Background: The shortage of grafts for kidney transplantation (Tx) has resulted in an expansion of criteria for pediatric donors. However, the limitations of pediatric donors for kidney Tx are not yet clearly established. We investigated the outcomes of recipients with pediatric kidney grafts from Colorado to elucidate the state of pediatric kidney grafts distributed in the nation and to clarify the limitations of pediatric donor kidneys for Tx.
Methods: Between January 1989 and July 1997, 675 organ donors in Colorado were utilized for Tx. Fifty-seven of these (8.4%) were 10 yr old or younger. Thirty-two of the 57 pediatric donors provided kidneys for 50 recipients both inside and outside Colorado. Forty-four of the 50 recipients were followed and are available for this study.

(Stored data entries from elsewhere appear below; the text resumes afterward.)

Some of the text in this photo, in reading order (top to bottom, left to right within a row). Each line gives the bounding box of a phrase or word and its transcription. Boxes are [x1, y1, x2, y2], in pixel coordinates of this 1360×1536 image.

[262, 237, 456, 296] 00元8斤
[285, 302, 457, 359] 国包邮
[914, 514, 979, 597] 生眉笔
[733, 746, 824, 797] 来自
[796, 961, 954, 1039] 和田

Results: Graft survival rates were 85.6, 77.3, 71.3 and 65.4% for 1, 2, 3 to 5, and 6 yr of follow-up, respectively. Thirteen recipients lost the grafts, including three graft losses within 2 wk, due to primary nonfunction, venous and arterial thrombosis. The mean serum creatinine value in 31 recipients with functioning grafts was 1.3 +/- 0.4 mg/dL at the time with follow-up of 45.9 +/- 28.3 months (5-96 months). Six grafts from 13-month to 3-yr-old donors were transplanted en-bloc and 5 of these have survived. Four of the 5 single grafts from 3 to 5-yr-old donors have functioned. Of the 33 grafts from donors aged 6-10 yr, including 30 single and 3 en-bloc grafts, 22 were still functioning. With respect to donor weight, 4 of the 5 en-bloc grafts from donors weighting 9-15 kg, and 6 of the 7 single and the 1 en-bloc grafts from donors weighing 15-20 kg were still functioning. Cold ischemic time (CIT) within 37.5 h was not associated with early graft outcome.
Conclusions: The kidneys from donors 1-3 yr old and/or weighing 9-15 kg could be successfully transplanted en-bloc and those from donors more than 3 yr old and/or weighing 15 kg were best transplanted by single grafts.